Onto the treadmill again for 1:30
Sprint 30 seconds

Weights!

Bent over row: 1 set of 12
Walking lunge: 1 set of 12
Military press: 1 set of 12
Barbell curl: 1 set of 12

Another 1:30 at a medium pace on the treadmill
Sprint 30 seconds

Cool down walk for 5 minutes

This weight loss workout is fantastic because it combines cardio, weights, and bodyweight exercises to help you burn calories and maintain lean muscle mass.

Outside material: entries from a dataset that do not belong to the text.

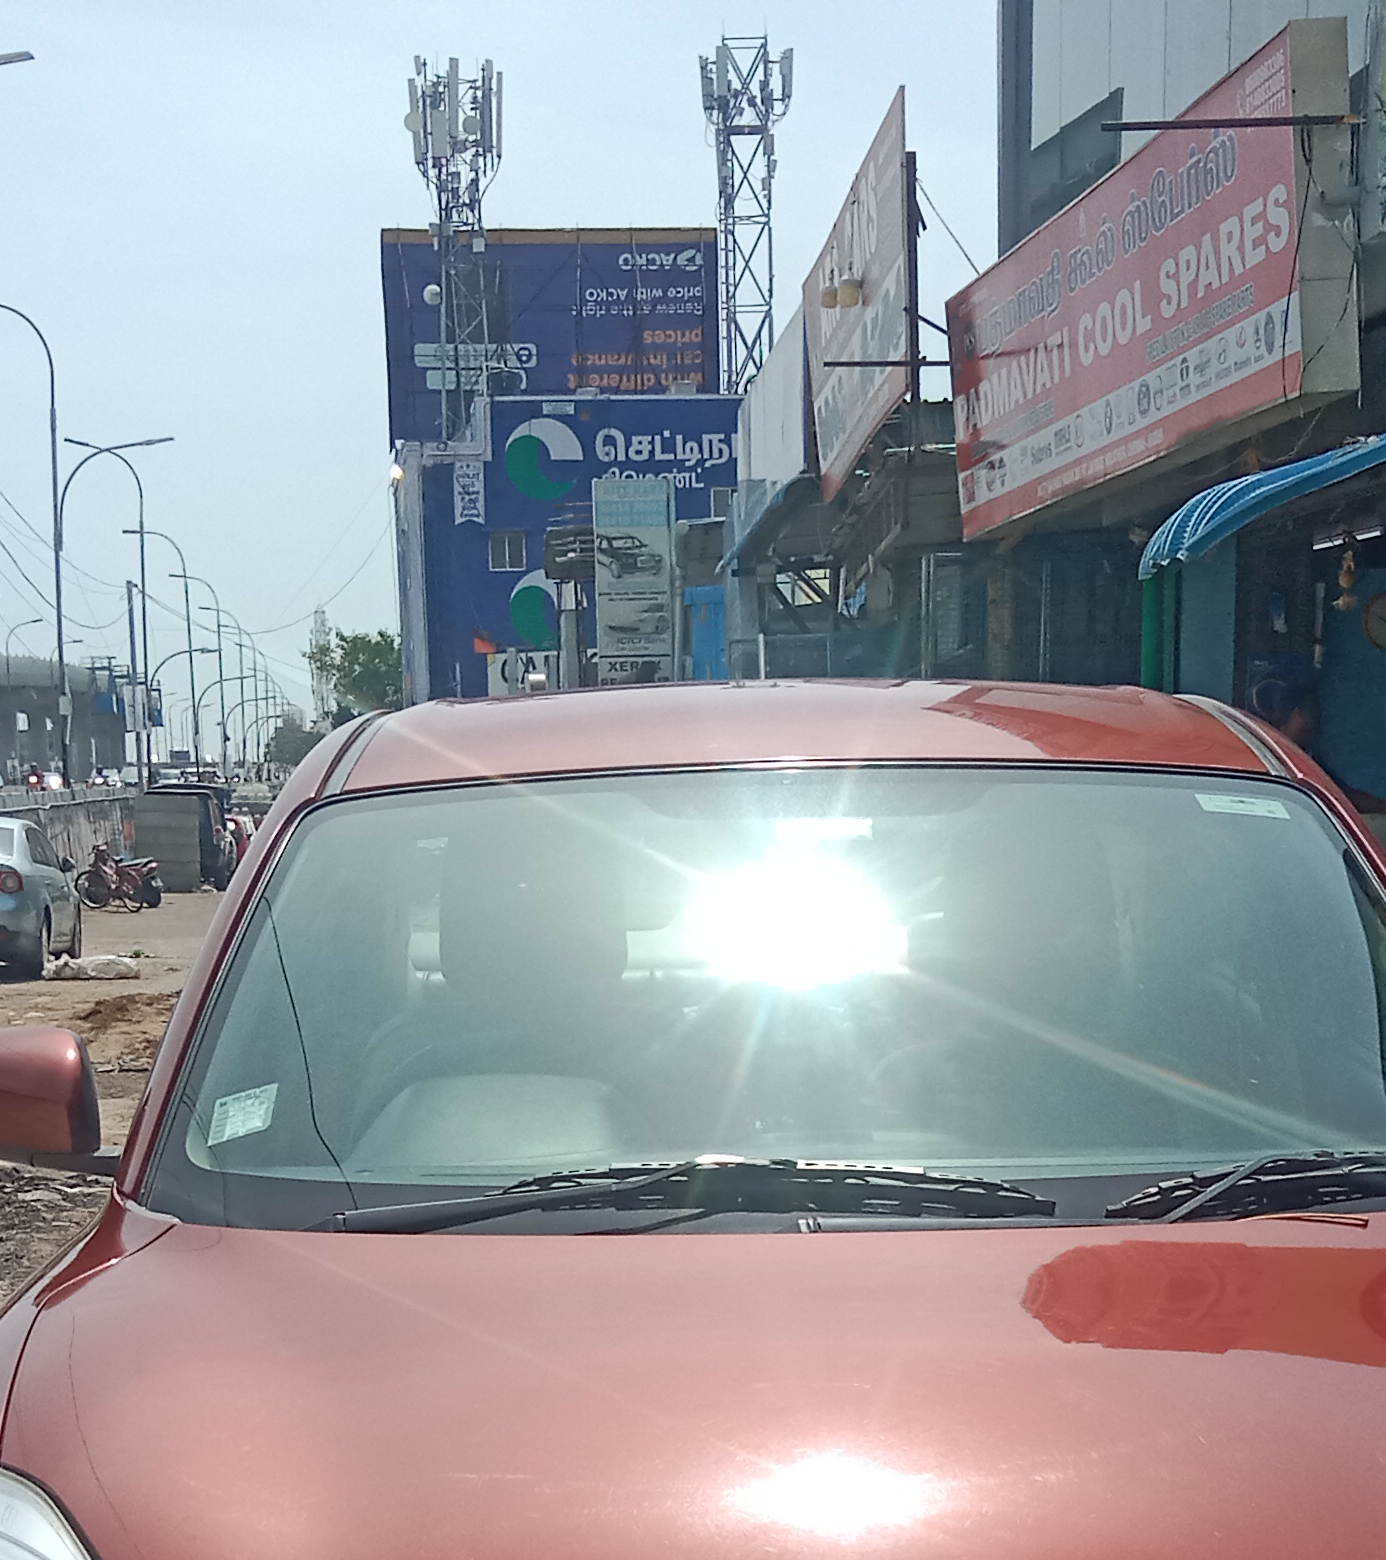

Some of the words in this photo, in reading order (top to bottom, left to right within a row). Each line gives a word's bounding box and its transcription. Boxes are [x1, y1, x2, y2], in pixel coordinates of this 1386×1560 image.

[619, 252, 676, 271] ACKO
[585, 288, 628, 301] ACKO
[634, 287, 663, 301] with
[667, 286, 703, 301] price
[610, 303, 633, 317] the
[655, 303, 703, 315] Renew
[953, 327, 1071, 443] PADMAVATI
[1077, 279, 1151, 367] COOL
[1159, 183, 1290, 319] SPARES
[643, 326, 703, 347] prices
[608, 660, 662, 672] XERX
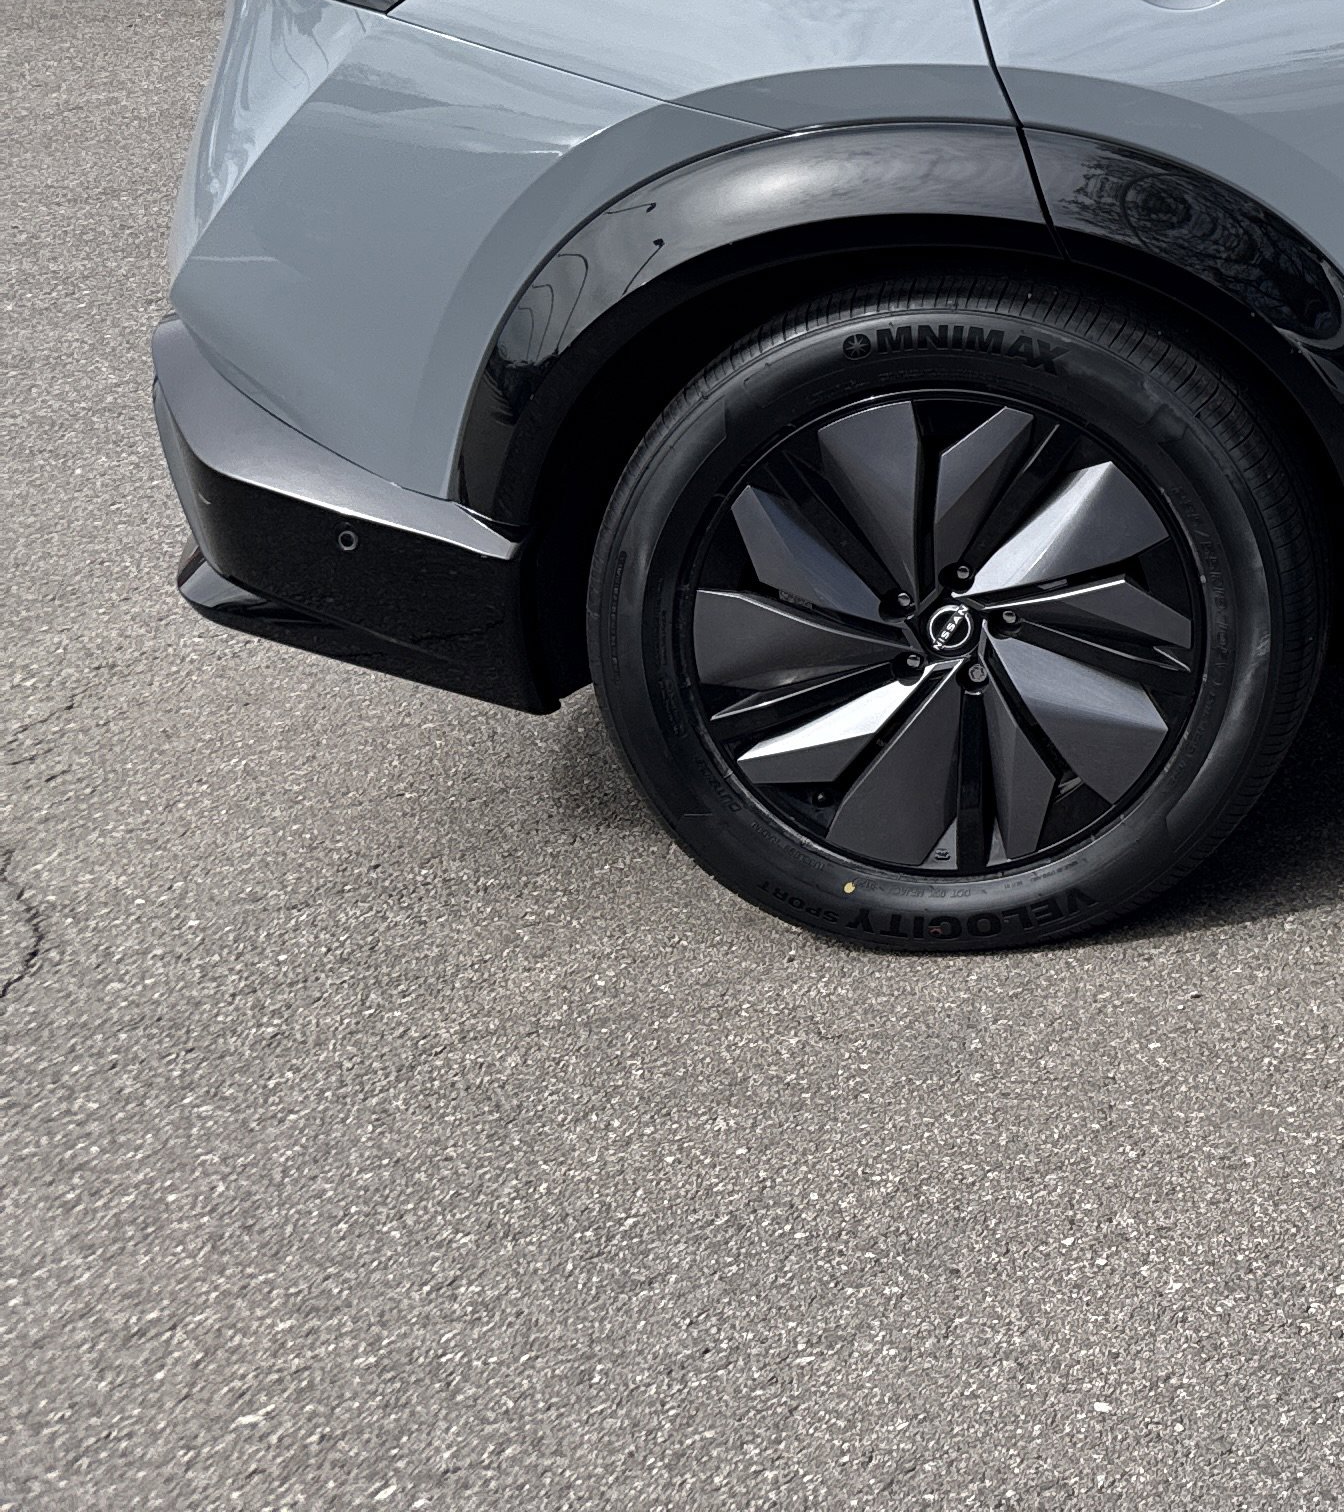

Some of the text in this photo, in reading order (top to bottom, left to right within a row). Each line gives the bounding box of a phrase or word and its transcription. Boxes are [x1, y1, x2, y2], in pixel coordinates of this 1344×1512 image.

[933, 603, 969, 651] NISSAN
[758, 881, 1100, 938] VELOCITY SPORT
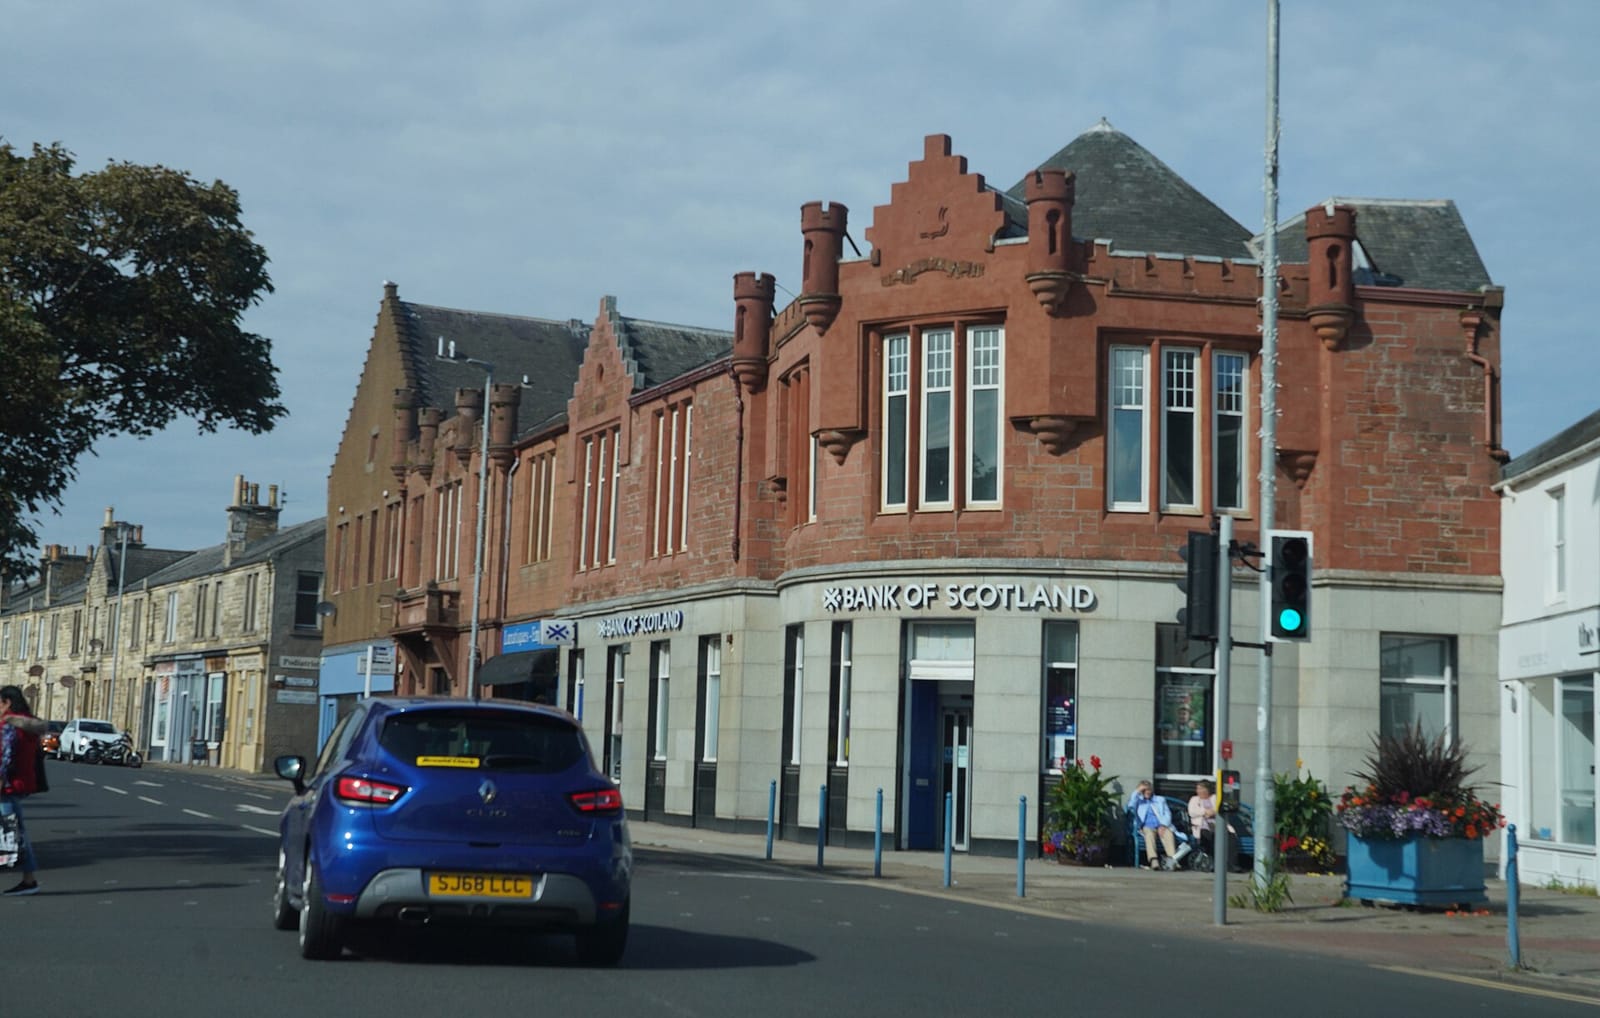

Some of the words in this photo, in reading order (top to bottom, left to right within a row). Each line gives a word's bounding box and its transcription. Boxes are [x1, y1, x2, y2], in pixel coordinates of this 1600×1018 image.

[844, 584, 900, 611] BANK
[903, 583, 939, 608] OF
[945, 582, 1097, 611] SCOTLAND
[605, 617, 627, 637] BANK
[626, 615, 639, 634] OF
[639, 610, 682, 633] SCOTLAND
[437, 875, 485, 892] SJ68
[489, 877, 524, 893] LCC
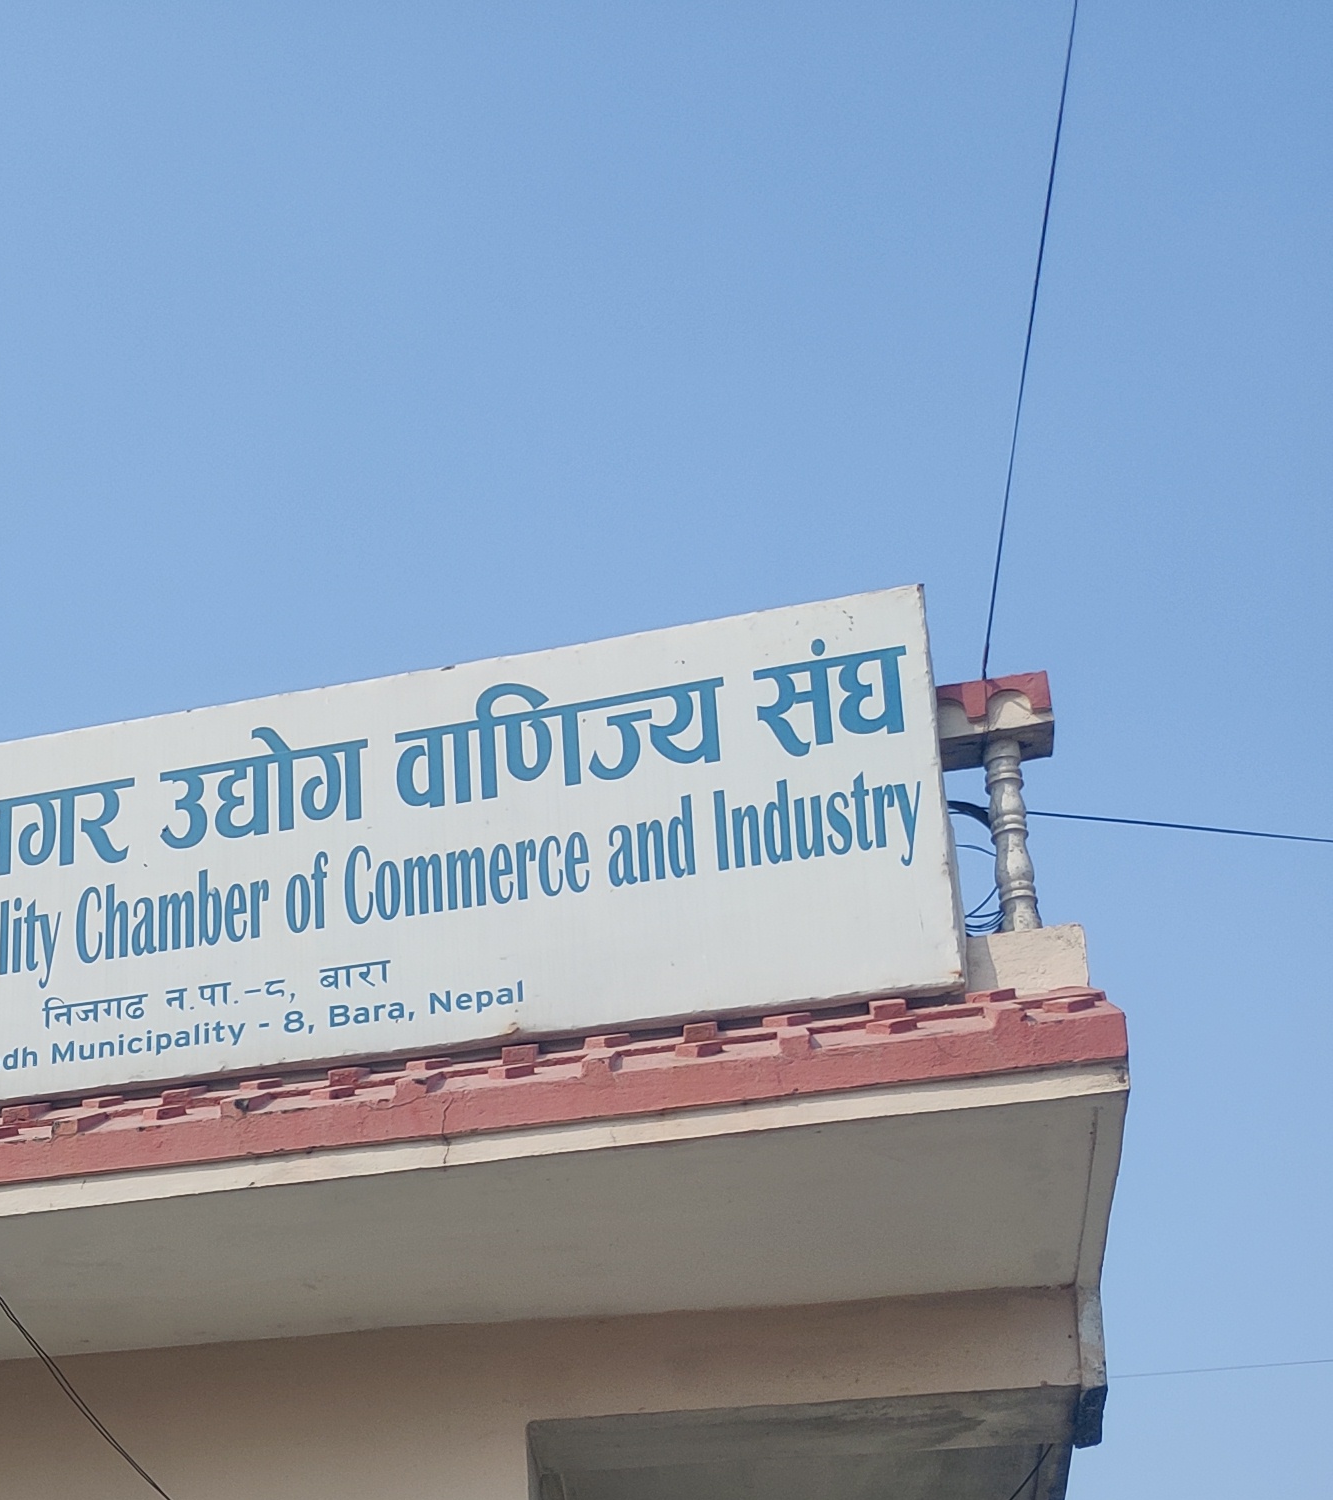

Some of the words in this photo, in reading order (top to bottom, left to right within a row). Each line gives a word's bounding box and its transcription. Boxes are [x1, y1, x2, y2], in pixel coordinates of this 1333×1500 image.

Saturday, September 1, 2012

The High Density Exercise Routine for Weight Loss Without Muscle Loss

If you're looking to lose weight but still hold onto muscle mass, this is the workout you need. It's called the high density exercise routine – each day concentrates on a different density lift coupled with cardio and core exercises to keep your muscles bursting while you lose inches off your waistline.

This is an excellent program for bodybuilders because it's a cutting cycle that still features a strong max weight lift, increasing vascularity and muscle tone without the need to ever touch a treadmill. Cardio is fantastic for weight loss, but it's not the best thing in the world for building bulk, needless to say.

This exercise routine for weight loss looks something like this:

-Start with 5 minutes of dynamic stretching and warmup to raise your heart rate and get your muscles stretched out for the workout ahead.
-5 minutes of a specific exercise warm up. If your density exercise is going to be bench presses, for example, do some warm ups with lower weight.
-A 10 minute core workout routine
-Density workout
-End with 5 minutes of cool down and stretching

The density workout will be different each day to target a different muscle group.

Day 1- Squat
Day 2- Deadlift
Day 3- Bench press

During this high power weight loss workout, do each exercise one after the other. Rest in between sets, not exercises.